Since Fusarium spp. are often found together with M. maydis, a highly specific methodology that discriminates between these soil-borne fungal pathogens is extremely important. We therefore tested Fusarium spp. and M. maydis qPCR assays on samples from a field trial. This experiment was used as a proof-of-concept for the suitability of the technique. To evaluate target gDNA amount in terms of TCN using 100 ng of gDNA (TCN100), a total of 24 samples belonging to two cultivars (tolerant and susceptible) were analyzed at three time points (Figure 1). As expected, the M. maydis qPCR assay revealed that the susceptible cultivar consistently presented significantly higher values (p < 0.05) than the tolerant cultivar; this trend was observed for all of the maize growth times evaluated. Regarding the Fusarium spp. qPCR assay, it was possible to identify the presence of Fusarium spp. in both cultivars, although not following a specific trend (Figure 1). The results achieved demonstrate the suitability and applicability of the qPCR method based on ITS region to identify and discriminate between Fusarium spp. and M. maydis in maize roots under field conditions.

The degree of complexity of the etiology of late wilt in maize regarding the determination of the role of each fungal species in the development of the disease and/or the severity of symptoms should be studied by confirming the pathogenicity of the soil-borne fungi (including Fusarium spp.) [25]. The methodology presented here represents an important contribution towards establishing a better understanding of the interaction between both fungi.

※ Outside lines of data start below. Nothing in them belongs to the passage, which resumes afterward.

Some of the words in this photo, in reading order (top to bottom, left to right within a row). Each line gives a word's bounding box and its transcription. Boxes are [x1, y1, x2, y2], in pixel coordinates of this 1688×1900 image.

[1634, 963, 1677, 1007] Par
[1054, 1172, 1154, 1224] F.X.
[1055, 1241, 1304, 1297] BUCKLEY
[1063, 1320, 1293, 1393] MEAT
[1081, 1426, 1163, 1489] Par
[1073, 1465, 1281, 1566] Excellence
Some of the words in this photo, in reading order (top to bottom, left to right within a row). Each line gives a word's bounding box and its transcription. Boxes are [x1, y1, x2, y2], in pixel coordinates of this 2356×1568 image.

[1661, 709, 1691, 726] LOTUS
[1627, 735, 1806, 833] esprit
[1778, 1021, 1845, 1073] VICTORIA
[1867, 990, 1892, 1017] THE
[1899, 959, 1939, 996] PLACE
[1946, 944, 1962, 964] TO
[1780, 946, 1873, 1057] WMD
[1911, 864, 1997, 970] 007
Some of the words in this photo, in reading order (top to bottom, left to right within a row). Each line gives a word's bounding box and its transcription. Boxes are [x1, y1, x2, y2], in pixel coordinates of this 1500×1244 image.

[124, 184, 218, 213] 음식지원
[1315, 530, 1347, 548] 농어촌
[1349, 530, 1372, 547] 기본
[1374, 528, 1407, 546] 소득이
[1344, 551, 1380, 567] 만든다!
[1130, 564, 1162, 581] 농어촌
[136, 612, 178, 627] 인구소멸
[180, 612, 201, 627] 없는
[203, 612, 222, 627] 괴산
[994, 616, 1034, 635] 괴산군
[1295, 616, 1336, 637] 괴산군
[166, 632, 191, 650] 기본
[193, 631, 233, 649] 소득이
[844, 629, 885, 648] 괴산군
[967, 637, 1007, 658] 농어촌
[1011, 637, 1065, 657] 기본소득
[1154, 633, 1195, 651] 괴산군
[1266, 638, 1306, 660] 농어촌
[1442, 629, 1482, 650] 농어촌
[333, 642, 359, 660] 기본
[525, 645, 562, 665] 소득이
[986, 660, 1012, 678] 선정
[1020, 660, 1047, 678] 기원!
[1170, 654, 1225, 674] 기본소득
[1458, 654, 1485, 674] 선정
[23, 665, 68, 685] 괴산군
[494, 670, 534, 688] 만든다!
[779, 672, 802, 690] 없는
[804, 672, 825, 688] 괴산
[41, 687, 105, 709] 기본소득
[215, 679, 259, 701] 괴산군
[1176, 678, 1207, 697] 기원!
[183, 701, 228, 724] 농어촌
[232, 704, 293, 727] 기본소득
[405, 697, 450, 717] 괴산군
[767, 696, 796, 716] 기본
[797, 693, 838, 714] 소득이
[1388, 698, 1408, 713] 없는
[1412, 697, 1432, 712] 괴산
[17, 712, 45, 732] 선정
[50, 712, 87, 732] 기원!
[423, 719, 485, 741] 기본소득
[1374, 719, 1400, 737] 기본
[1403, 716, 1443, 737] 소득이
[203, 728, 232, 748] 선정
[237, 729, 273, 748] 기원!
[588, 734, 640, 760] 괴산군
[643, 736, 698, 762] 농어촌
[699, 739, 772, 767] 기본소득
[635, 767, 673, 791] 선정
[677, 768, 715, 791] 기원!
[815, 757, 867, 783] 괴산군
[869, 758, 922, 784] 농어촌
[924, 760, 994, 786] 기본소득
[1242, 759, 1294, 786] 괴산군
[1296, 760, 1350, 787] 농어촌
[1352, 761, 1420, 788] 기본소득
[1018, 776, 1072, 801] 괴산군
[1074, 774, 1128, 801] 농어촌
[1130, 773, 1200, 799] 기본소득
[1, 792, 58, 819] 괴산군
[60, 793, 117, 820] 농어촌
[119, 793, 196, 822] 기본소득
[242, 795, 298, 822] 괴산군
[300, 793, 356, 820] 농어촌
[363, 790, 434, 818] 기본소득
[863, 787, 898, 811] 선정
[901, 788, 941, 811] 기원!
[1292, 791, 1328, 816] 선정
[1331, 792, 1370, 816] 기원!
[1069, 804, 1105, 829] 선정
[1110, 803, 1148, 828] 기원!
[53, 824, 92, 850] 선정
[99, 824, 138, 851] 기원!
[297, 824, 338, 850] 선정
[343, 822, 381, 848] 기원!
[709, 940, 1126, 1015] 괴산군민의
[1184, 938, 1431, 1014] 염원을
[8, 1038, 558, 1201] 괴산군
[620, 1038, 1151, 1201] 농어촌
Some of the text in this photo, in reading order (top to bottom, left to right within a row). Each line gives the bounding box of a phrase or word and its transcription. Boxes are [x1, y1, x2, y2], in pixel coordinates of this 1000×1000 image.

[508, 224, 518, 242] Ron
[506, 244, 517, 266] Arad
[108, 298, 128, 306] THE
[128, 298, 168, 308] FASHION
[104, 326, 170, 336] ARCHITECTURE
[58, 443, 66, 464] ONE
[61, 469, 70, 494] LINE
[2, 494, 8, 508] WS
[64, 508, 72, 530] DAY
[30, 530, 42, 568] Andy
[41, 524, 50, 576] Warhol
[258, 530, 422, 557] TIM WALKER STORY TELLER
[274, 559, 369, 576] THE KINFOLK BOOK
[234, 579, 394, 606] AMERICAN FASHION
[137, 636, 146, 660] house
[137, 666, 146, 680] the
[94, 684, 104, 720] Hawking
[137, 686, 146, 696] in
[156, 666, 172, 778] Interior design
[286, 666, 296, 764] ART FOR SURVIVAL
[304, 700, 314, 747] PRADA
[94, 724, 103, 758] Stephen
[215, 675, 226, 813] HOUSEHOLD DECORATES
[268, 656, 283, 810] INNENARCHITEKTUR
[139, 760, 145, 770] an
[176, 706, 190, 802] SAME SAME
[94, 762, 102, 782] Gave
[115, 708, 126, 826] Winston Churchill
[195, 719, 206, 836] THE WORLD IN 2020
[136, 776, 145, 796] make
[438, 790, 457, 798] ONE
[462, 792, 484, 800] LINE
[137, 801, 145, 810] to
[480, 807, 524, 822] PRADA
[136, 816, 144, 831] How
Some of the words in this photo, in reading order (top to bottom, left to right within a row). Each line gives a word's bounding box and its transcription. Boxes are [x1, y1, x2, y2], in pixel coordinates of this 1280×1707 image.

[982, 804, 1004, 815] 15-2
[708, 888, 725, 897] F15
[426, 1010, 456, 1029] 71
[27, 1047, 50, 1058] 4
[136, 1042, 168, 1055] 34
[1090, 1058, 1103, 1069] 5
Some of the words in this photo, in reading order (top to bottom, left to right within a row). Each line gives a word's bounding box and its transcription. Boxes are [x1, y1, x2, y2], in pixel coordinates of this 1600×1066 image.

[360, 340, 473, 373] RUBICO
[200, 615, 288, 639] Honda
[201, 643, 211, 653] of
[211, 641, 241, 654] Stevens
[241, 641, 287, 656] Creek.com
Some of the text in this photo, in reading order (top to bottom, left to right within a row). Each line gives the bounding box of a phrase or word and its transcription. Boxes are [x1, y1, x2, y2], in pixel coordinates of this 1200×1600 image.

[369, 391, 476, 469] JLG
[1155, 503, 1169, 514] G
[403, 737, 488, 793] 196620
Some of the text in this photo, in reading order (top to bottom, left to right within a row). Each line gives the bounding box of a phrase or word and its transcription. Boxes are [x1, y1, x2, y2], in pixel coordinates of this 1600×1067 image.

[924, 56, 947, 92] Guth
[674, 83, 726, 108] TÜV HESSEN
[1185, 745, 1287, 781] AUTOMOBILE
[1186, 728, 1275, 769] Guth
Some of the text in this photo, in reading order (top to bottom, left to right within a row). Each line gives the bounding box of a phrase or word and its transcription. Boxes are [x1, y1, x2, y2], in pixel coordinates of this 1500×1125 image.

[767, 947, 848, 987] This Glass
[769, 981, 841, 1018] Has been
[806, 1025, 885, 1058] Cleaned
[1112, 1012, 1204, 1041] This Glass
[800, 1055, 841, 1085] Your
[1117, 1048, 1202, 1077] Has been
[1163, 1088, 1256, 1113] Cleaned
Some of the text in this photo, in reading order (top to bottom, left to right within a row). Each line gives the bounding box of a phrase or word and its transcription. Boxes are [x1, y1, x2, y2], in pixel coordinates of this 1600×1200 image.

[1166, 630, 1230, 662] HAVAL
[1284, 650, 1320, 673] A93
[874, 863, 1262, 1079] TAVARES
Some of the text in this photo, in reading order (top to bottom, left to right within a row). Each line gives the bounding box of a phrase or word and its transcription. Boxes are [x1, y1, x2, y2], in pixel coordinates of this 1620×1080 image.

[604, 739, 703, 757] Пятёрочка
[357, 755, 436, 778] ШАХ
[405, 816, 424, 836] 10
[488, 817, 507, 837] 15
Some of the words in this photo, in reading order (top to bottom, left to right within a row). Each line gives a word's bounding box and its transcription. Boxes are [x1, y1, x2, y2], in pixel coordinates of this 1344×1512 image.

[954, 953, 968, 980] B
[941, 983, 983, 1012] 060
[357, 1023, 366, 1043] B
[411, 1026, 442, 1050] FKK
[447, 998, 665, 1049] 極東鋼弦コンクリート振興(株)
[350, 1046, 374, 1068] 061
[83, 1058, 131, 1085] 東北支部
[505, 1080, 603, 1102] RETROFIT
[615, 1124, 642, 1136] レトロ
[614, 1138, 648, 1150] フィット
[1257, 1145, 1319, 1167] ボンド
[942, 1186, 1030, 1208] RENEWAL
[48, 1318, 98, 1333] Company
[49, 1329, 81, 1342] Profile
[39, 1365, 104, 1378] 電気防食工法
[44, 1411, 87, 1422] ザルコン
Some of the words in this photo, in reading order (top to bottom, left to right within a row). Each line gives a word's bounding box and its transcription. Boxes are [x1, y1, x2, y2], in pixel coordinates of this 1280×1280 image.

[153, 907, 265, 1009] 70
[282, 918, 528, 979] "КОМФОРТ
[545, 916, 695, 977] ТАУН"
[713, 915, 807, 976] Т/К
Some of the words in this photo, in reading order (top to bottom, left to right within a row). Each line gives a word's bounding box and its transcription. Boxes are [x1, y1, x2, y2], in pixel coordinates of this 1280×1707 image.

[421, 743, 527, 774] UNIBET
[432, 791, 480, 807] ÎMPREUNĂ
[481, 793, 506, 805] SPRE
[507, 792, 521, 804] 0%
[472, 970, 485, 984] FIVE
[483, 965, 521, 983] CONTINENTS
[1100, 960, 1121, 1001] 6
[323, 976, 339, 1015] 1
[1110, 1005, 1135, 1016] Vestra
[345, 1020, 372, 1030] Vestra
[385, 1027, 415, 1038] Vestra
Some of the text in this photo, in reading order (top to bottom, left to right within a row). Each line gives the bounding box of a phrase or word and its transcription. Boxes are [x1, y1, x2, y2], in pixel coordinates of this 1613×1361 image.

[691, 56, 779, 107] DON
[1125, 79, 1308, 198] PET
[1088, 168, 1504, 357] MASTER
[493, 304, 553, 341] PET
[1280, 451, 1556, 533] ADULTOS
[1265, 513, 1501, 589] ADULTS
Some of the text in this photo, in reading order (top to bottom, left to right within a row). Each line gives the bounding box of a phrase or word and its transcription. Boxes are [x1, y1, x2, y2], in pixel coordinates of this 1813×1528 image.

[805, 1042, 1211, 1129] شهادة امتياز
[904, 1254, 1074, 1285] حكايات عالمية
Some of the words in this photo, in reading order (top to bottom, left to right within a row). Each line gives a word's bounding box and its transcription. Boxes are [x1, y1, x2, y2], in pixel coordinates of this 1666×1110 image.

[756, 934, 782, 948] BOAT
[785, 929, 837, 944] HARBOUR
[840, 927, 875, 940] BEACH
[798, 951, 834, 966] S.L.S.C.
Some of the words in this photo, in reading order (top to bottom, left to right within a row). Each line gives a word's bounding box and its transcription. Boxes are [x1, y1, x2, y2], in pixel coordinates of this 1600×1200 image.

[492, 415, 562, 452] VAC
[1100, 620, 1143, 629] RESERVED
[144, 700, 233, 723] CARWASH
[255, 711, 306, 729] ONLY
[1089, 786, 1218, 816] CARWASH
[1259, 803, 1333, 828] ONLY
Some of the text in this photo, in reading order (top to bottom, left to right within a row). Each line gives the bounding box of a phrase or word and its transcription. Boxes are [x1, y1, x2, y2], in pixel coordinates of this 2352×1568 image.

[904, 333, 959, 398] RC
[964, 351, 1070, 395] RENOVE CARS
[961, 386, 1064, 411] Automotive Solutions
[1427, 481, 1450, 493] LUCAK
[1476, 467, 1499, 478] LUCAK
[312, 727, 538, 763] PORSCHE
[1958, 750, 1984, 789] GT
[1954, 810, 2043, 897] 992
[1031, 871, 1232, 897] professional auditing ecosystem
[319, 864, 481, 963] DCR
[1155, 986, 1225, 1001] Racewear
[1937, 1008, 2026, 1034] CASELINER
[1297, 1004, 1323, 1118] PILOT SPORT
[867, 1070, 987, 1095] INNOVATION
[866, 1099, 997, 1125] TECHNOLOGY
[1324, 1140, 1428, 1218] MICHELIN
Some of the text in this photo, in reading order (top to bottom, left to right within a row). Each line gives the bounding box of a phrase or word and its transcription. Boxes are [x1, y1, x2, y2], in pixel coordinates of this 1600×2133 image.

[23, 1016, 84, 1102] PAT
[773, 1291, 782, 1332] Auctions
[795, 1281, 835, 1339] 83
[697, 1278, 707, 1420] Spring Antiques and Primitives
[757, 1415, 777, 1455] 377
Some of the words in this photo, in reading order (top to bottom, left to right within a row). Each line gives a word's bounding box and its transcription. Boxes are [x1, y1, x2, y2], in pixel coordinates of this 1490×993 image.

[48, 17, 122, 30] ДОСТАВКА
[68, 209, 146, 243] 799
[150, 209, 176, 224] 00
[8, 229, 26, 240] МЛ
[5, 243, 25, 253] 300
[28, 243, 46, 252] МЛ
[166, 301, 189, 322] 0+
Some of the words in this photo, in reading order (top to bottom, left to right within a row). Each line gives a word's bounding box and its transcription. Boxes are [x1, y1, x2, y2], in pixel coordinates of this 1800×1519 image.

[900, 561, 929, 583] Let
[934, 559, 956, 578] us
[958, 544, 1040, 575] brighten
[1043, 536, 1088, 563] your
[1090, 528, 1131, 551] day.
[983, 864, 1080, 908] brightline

To the best of our knowledge, this is the first time that a TaqMan probe assay has been developed to target M. maydis. Semi-quantitative analysis of DNA bands was previously applied for its detection [14], and recently a SYBR^®Green qPCR assay was established for the detection of M. maydis DNA in maize growing under different conditions, including in an infested field [20], however, it was not tested whether the method used was specific to M. maydis, or if it also could target Fusarium spp. M. maydis is difficult to detect and isolate [16] and has the ability to become established and survive in stored maize seeds (even from apparently healthy parental plants) [14], which stresses the urgent need to develop new ways to monitor seed health and control disease spread.

Fusarium probes have been previously developed for target individual fungi species [35,36,37], but here we describe a methodology that targets both F. verticillioides and F. oxysporum, the Fusarium species that are prevalent in maize fields, but also targets F. graminearum, another important causal species of FER in maize.

4. Conclusions

Fusarium spp. and M. maydis TaqMan qPCR assays revealed a high specificity, with the Fusarium assay targeting F. oxysporum, F. verticillioides, and F. graminearum, important causal agents of FER in maize. This specificity includes even closely related species, and no false-positive results were observed. The specificity of the assay was validated in field conditions. The high sensitivity makes the methodology an efficient tool for the early diagnosis of the diseases as well as for sanitary certification purposes. Thus, qPCR through the use of TaqMan probes is proposed here as a promising tool for the discrimination and quantification of these soil-borne fungal pathogens known to cause disease on a large number of crops.